● What you have to do: Give back the whole listing below exactly.

*** Block opens ***

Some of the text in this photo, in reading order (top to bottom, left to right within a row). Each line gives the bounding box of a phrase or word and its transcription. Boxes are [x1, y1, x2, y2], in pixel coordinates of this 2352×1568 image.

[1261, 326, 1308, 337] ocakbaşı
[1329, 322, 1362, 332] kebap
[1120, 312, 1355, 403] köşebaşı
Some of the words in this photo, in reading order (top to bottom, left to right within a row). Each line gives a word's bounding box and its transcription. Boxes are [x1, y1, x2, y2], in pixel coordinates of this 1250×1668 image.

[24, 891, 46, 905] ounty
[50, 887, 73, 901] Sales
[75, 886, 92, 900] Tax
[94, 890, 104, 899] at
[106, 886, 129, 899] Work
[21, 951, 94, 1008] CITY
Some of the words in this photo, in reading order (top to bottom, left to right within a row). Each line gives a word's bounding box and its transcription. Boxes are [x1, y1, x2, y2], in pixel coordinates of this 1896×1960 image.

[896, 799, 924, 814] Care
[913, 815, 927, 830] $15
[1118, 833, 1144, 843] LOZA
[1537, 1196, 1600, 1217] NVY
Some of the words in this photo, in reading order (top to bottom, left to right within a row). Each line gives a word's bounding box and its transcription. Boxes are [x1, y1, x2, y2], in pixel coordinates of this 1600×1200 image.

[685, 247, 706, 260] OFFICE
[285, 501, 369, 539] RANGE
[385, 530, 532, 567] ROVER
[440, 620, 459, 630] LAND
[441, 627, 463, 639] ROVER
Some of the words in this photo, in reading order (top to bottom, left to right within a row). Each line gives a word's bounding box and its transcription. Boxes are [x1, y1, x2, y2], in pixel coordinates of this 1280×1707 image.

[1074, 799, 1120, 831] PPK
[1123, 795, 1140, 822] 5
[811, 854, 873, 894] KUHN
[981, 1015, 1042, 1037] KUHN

*** Block closes ***

● Written response:
Some of the text in this photo, in reading order (top to bottom, left to right within a row). Each line gives the bounding box of a phrase or word and its transcription. Boxes are [x1, y1, x2, y2], in pixel coordinates of this 2352×1568 image.

[1261, 326, 1308, 337] ocakbaşı
[1329, 322, 1362, 332] kebap
[1120, 312, 1355, 403] köşebaşı
Some of the words in this photo, in reading order (top to bottom, left to right within a row). Each line gives a word's bounding box and its transcription. Boxes are [x1, y1, x2, y2], in pixel coordinates of this 1250×1668 image.

[24, 891, 46, 905] ounty
[50, 887, 73, 901] Sales
[75, 886, 92, 900] Tax
[94, 890, 104, 899] at
[106, 886, 129, 899] Work
[21, 951, 94, 1008] CITY
Some of the words in this photo, in reading order (top to bottom, left to right within a row). Each line gives a word's bounding box and its transcription. Boxes are [x1, y1, x2, y2], in pixel coordinates of this 1896×1960 image.

[896, 799, 924, 814] Care
[913, 815, 927, 830] $15
[1118, 833, 1144, 843] LOZA
[1537, 1196, 1600, 1217] NVY
Some of the words in this photo, in reading order (top to bottom, left to right within a row). Each line gives a word's bounding box and its transcription. Boxes are [x1, y1, x2, y2], in pixel coordinates of this 1600×1200 image.

[685, 247, 706, 260] OFFICE
[285, 501, 369, 539] RANGE
[385, 530, 532, 567] ROVER
[440, 620, 459, 630] LAND
[441, 627, 463, 639] ROVER
Some of the words in this photo, in reading order (top to bottom, left to right within a row). Each line gives a word's bounding box and its transcription. Boxes are [x1, y1, x2, y2], in pixel coordinates of this 1280×1707 image.

[1074, 799, 1120, 831] PPK
[1123, 795, 1140, 822] 5
[811, 854, 873, 894] KUHN
[981, 1015, 1042, 1037] KUHN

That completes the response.